昨日の仲間からの提案を先延ばしにしてぼくは今日も学園である。

授業はまったり進み、ぼくの心を癒してくれる。

やはり日常に身を置くことが一番んお清涼剤となっている。

昨日はいろいろあったからなぁ…

戦闘に巻き込まれたことも、そのあとセビたちと話したことも。

整理したいことがらが多くて気疲れしてしまっていた。

だからこそ日常ののんびりした時間に癒されるのだ。



「授業は終わりだコン。でもこのあと話があるので今から言うパーティーは残るコン」

狐教師にいくつかのパーティーが呼ばれたあと、最後に「アメリアのパーティーコン」と言われる。実質リーダーをしているぼくではなく、アメリアを指名しての呼び出しだった。


残った生徒たちはワイワイ雑談をしながら何の用なのか相談していた。

「残ったのは魔王のパーティーと女子のパーティー、ゴーレムのパーティーと、それに竜のパーティーか」

魔王パーティーは自称魔王4人組のパーティーである。結局彼らは魔王同士でパーティーを組んだらしい。誰も配下にこなかったということだ。

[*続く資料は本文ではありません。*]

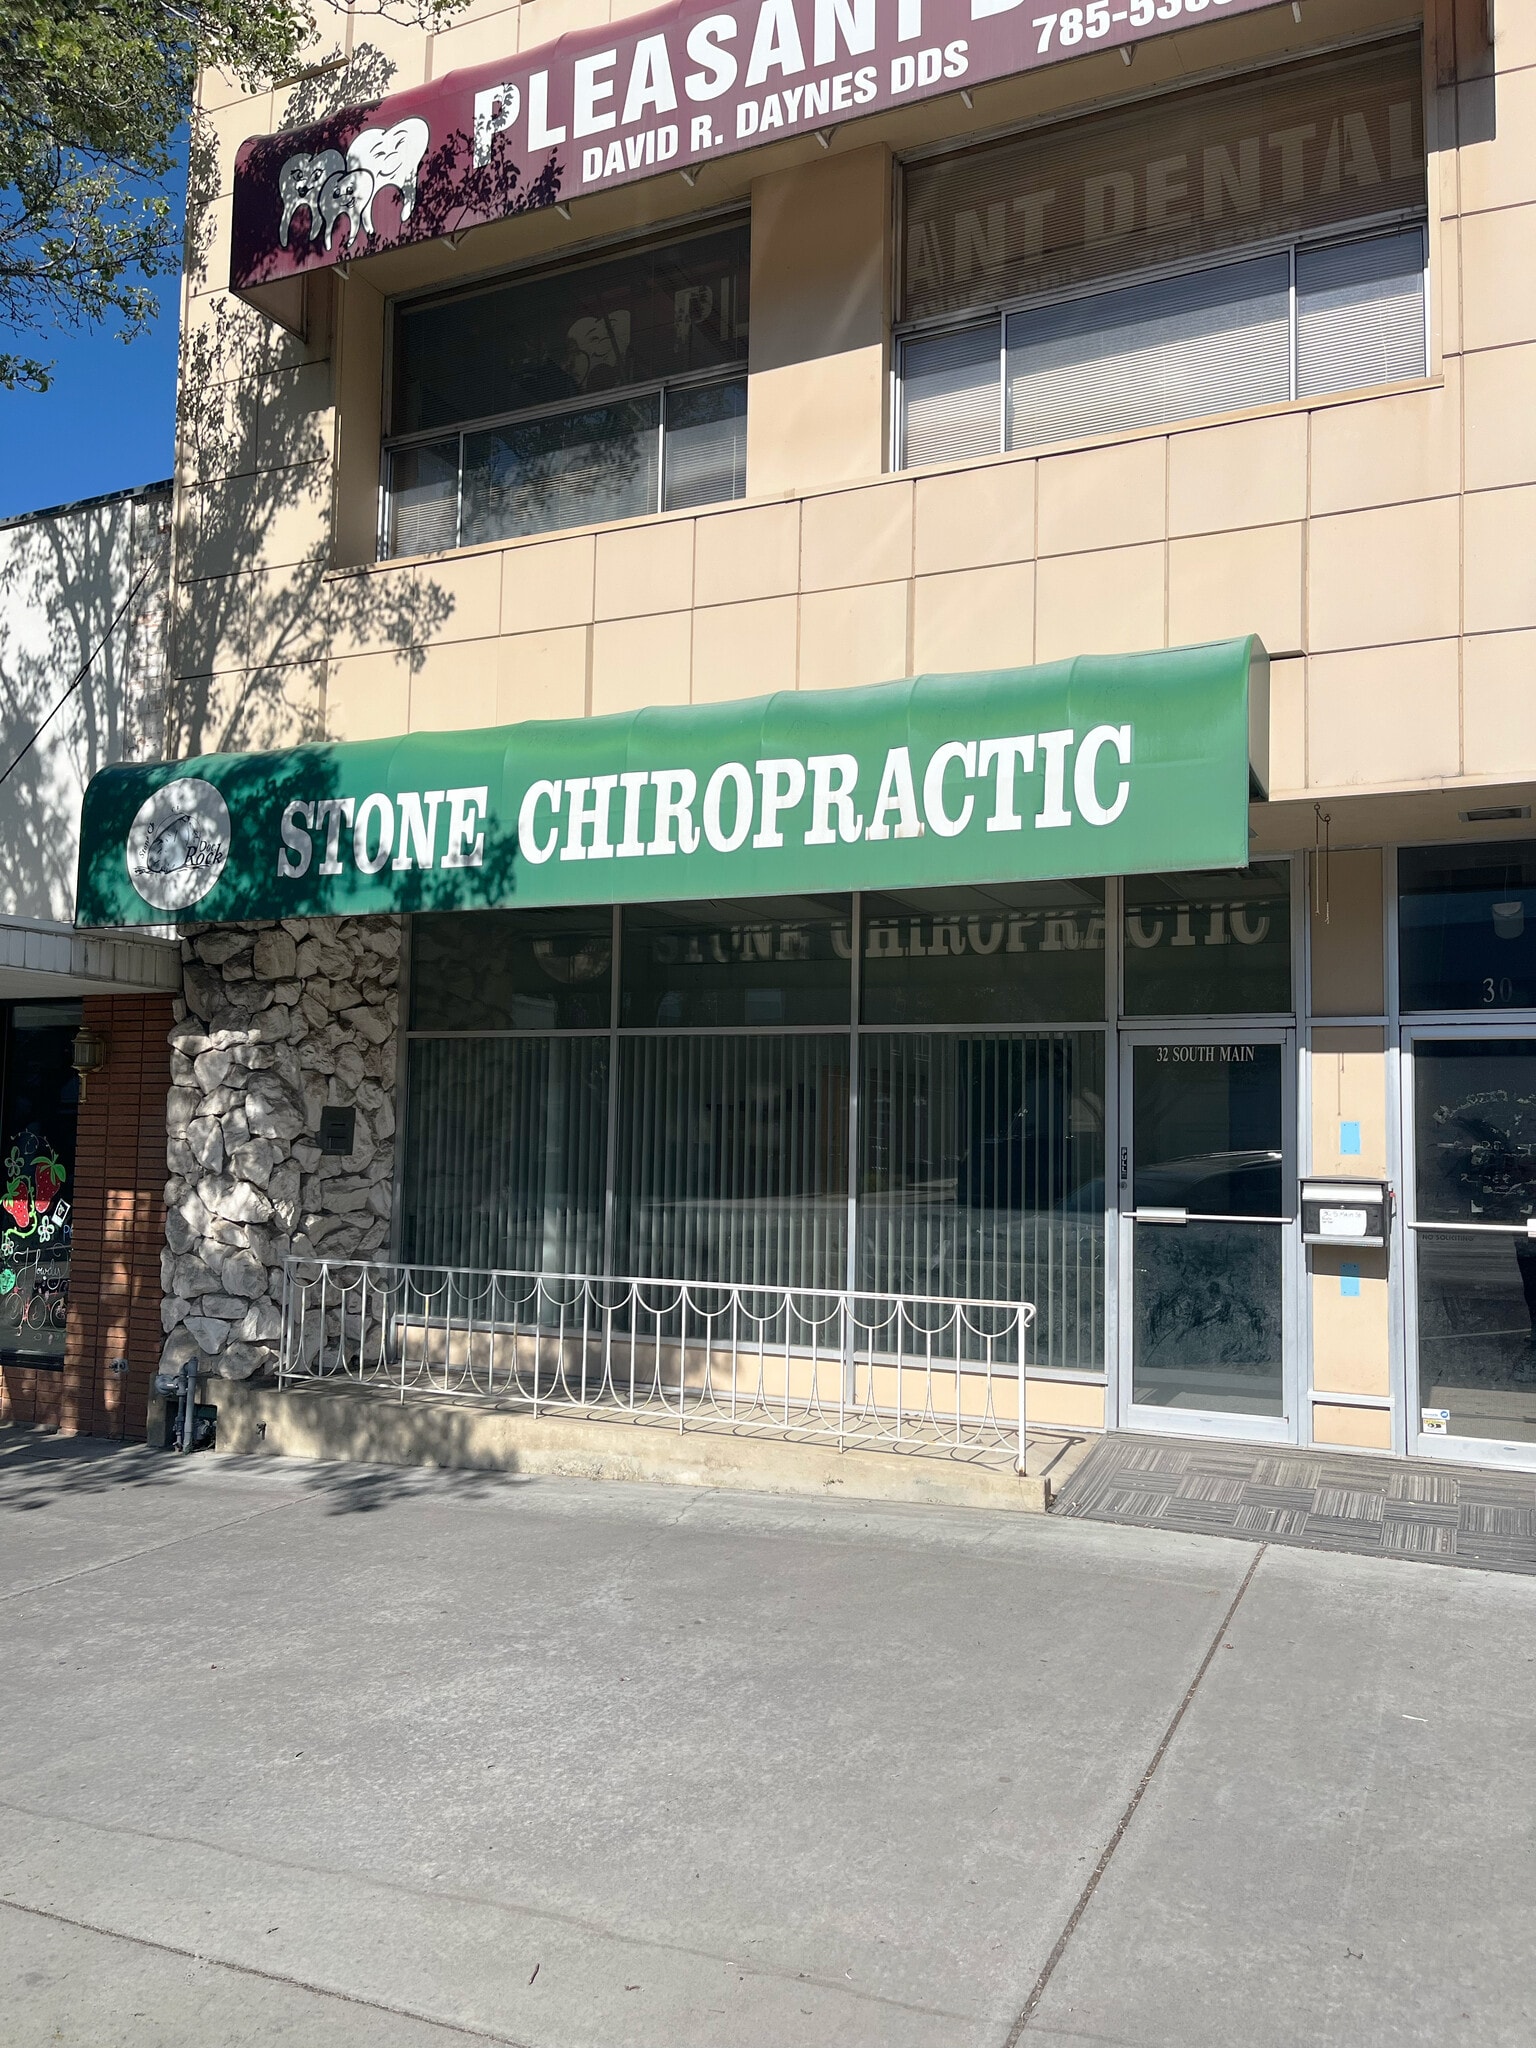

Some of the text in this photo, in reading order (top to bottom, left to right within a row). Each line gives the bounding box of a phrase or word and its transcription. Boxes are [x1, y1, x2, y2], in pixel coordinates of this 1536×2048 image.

[1032, 0, 1232, 54] 785-53
[582, 40, 969, 183] DAVID R. DAYNES DDS
[277, 724, 1132, 878] STONE CHIROPRACTIC
[184, 843, 223, 865] Rock
[1482, 977, 1513, 1003] 30
[1156, 1046, 1255, 1062] 32 SOUTH MAIN
[1435, 1234, 1474, 1242] SOLICITING
[13, 1246, 66, 1290] Howdy

女子のパーティーは恋愛魔王を中心とした女子13人のパーティーだ。クラスの人数が30人。内女子が15人なのでほとんどの女子が加入していることになる。

ゴーレムのパーティーはゴーレムの使い魔を持つ生徒を中心にした4人組のバランスの良いパーティーだ。グール使いのキースも所属している。

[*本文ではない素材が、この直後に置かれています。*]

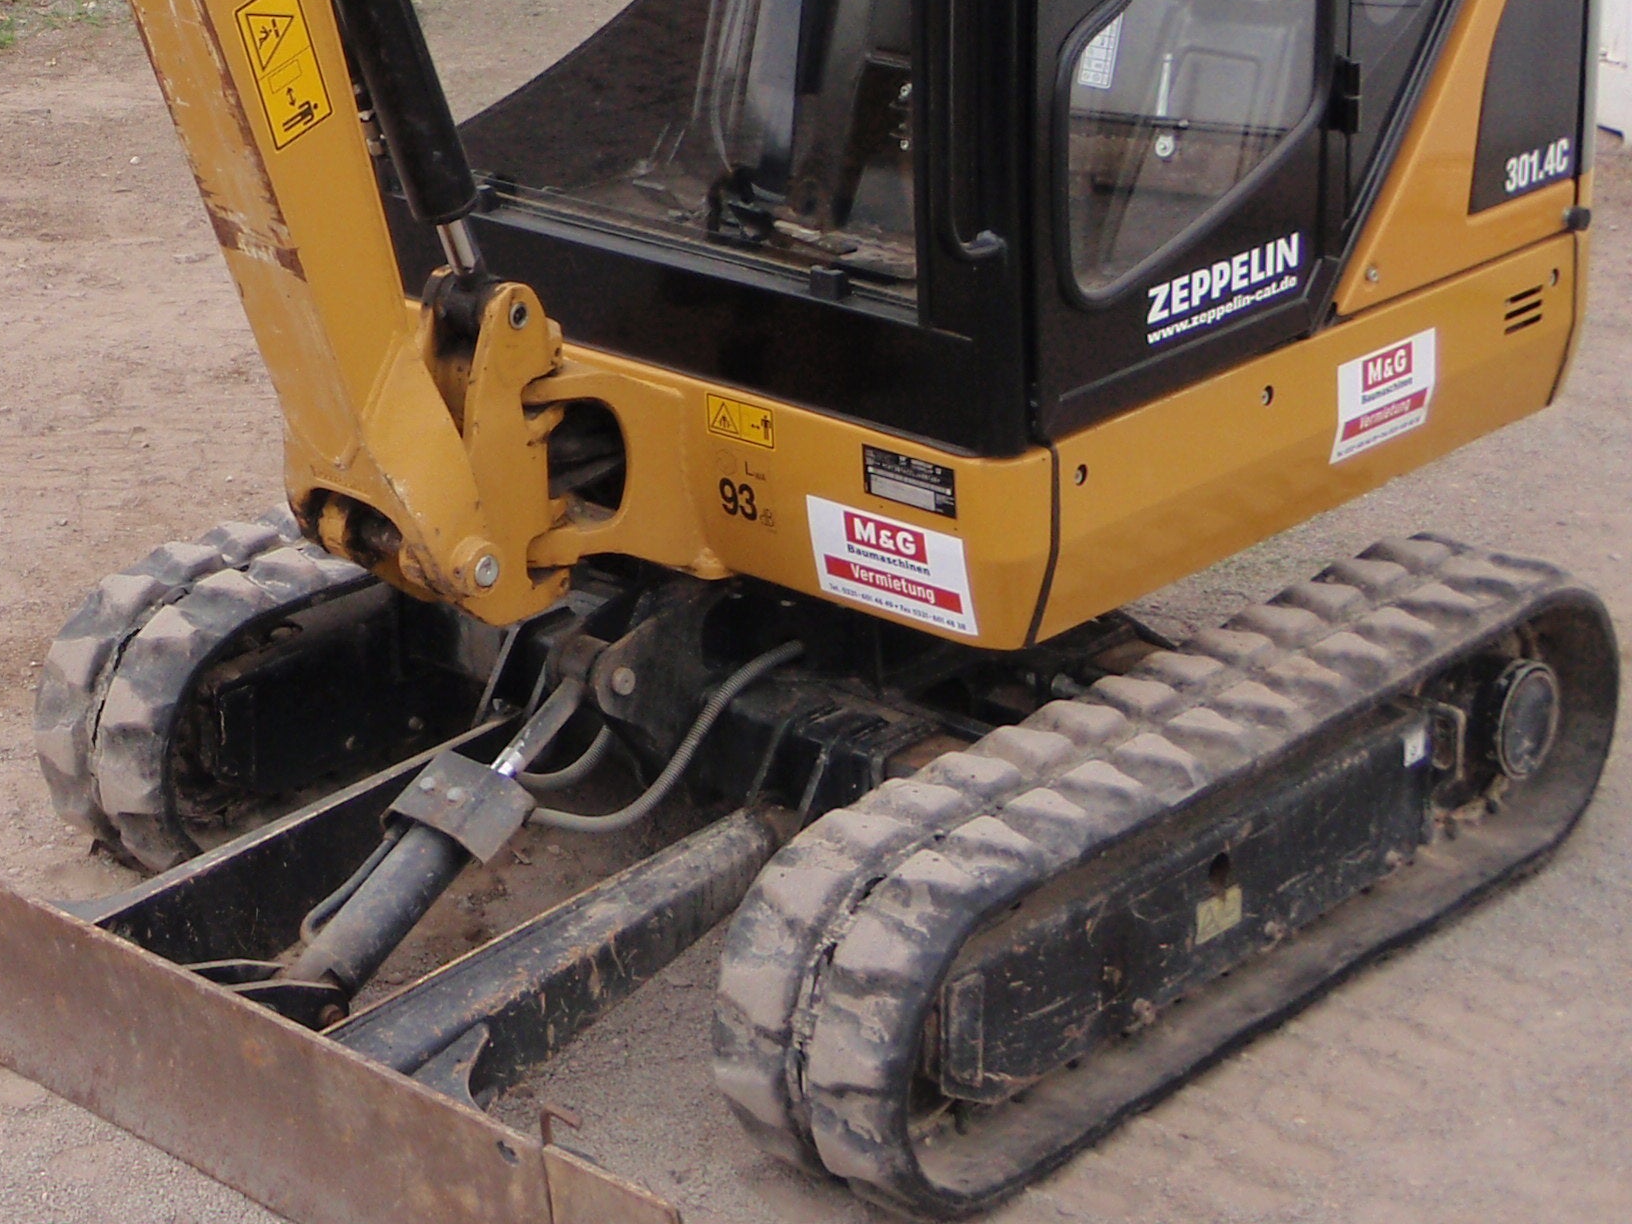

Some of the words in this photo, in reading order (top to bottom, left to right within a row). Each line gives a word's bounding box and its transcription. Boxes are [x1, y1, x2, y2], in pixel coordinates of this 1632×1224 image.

そして竜のパーティーはぼくらだ。戦力としては確かにアメリアだけが突出し、あとはオマケのようなパーティーである。


総勢24人。

残らなかったのがたった6人と、あまり意味がない居残り宣告である。

「このメンバーで何をするんだろうな。我らがいることを考えれば戦力を求めてのことだと思うが…」

自称魔王のガードナーがぼくにチラリと視線をくれる。

「それはぼくが戦力外だってことかなぁ?」

「ふ、自覚はあるようだな」

これは彼のいじりである。最近は仲もいいのでこんなことを言われても悪意を含んでいないことがわかっている。

正直いつものやりとりである。

「ガードナーたちは結局魔王同士でパーティーを組んだのか。魔王四天王みたいな感じだね」

魔王の配下の四天王ではなく、魔王が安売りされた結果の四天王である。がっかり感のたたき売りである。

「ふ、ぬかせ。我は魔王において最強。文句があるならばいつでも相手になろう」

自分で最強と言っているが、確かに魔王四天王の中では使い魔のランクが一番高かった。強いと言えば強い。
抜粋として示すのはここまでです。